It's not surprising that the Buzzcocks outlived their punk peers. Anarchy is just for Christmas; love is for life. Pete Shelley and Steve Diggle's band, originally formed for just three weeks in 1978 to support the Sex Pistols, eschewed the radical sloganeering of punk's higher profile protagonists, and married that movement's manic energy to the more prosaic concerns of the listening public: lipstick, falling in love and masturbation (which was as subversive as the Buzzcocks got).
The band split in the early 80s, reassembled a decade later, and have been releasing albums, largely unnoticed, ever since. Their stock having risen thanks to a certain TV pop quiz, last month's offering, Modern, made a bit more of a splash, helped by the greatest-hits resumé. Not that the crowd at the London date of the band's 23-venue nationwide tour needed an introduction to punk. The Astoria was hosting its very own episode of Walking With Dinosaurs, which resurrected - without recourse to digital trickery - the UK Subs T-shirt, the zipper-festooned leather jacket and the mohicaned bonce.

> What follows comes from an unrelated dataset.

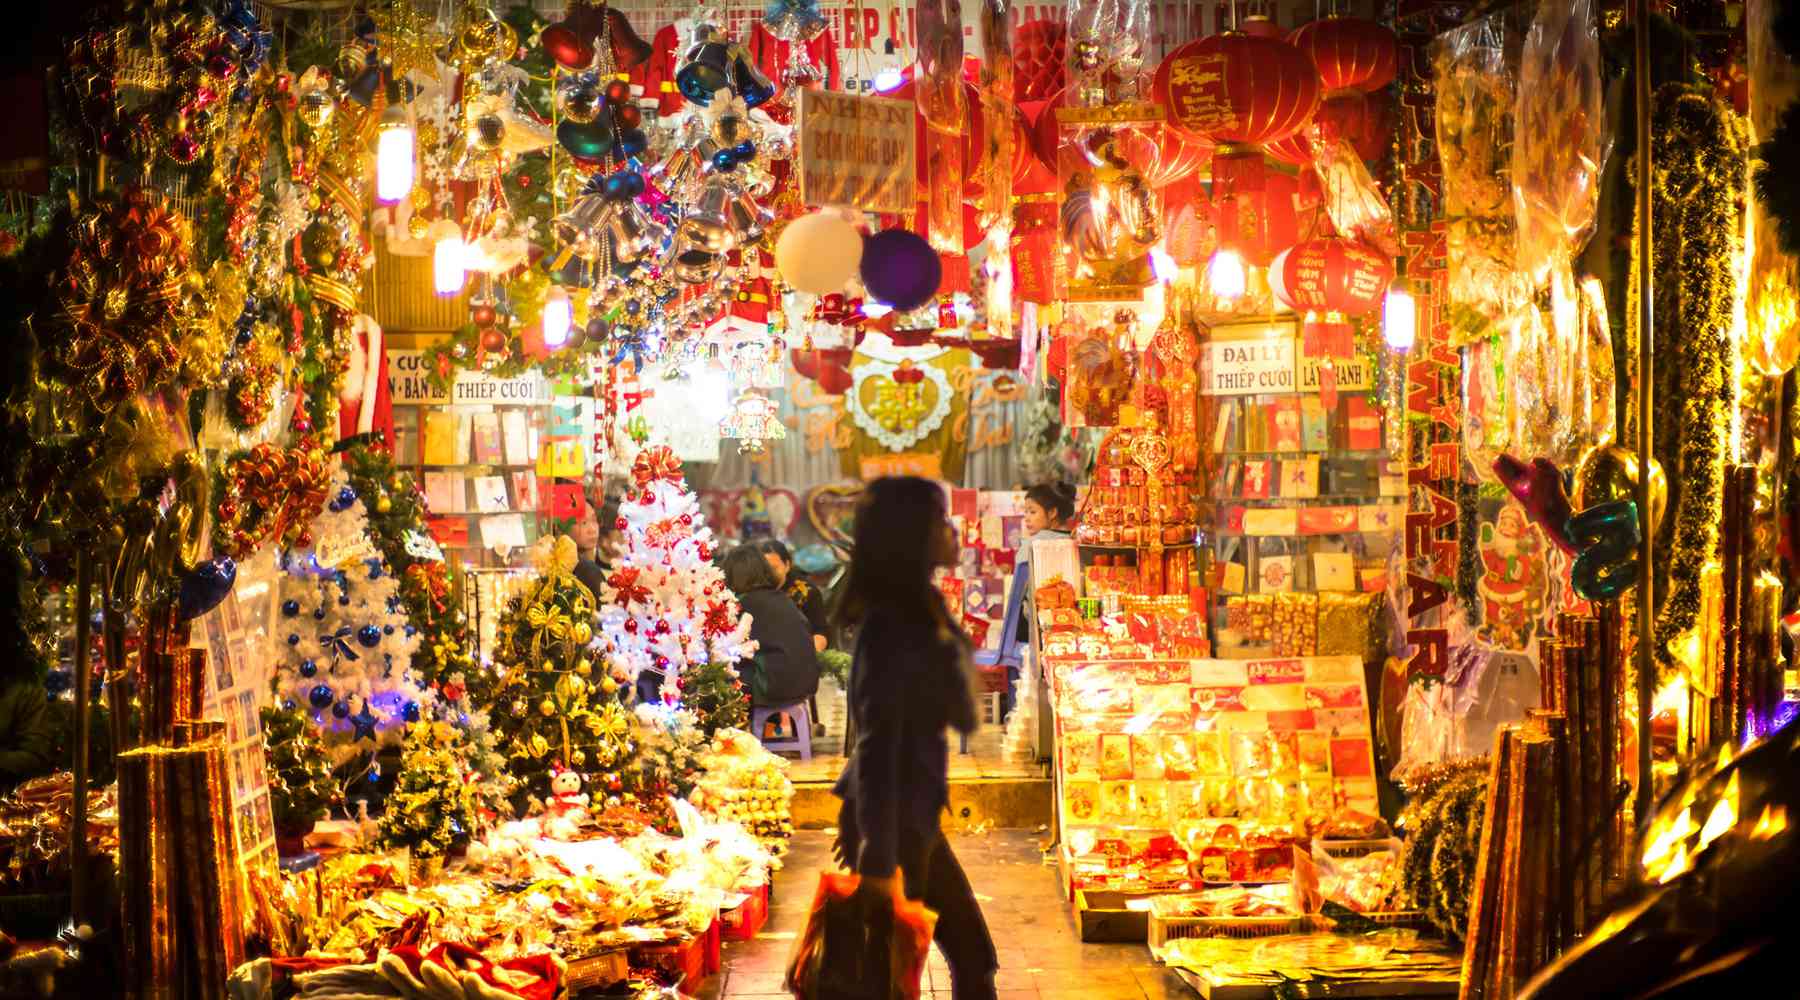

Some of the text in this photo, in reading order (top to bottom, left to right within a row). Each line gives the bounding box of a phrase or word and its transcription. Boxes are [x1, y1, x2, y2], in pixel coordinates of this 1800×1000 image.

[404, 371, 428, 399] BÁN
[456, 369, 534, 399] THIẾP CƯỚI
[1216, 365, 1293, 389] THIẾP CƯỚI

Attending the live performances of a band whose best days are decades behind them can be bleak. The new tunes may be as tough to endure as the crowd's indecent impatience for the old ones. The Buzzcocks come equipped with a built-in remedy to that baleful syndrome: 20 years on, their instincts are enduringly poppy and harmonious, and their songs never overstay their welcome.
Adhering to Roxette's trusty dictum "don't bore us, get to the chorus", even the first two-thirds of the set, largely drawn from the new album, are lively and ennui-free. A remarkably youthful Shelley and Diggle revel in the guitar-mashing antics, and their air of good cheer sits comfortably with some spikily upbeat sounds. Not even the beer-throwing exuberance of the crowd dampens Shelley's fervour: he becalms the punters with a pithy Mancunian put-down.
The pay-off comes at the encore, until which time the band has hoarded its classics. There follows an avalanche of savagely jangly hit singles which, played back to back, last no longer than a mere overture to the type of prog-rock symphony the Buzzcocks were created to eclipse.
This band, like the Orgasm Addict who "beats his meat to a pulp" in their most provocative song, is deliriously hooked on the quick route to pleasure. They demonstrated at the Astoria that, admirably for fading rockers on the wrong side of 40, their pop-punk libido rages undiminished.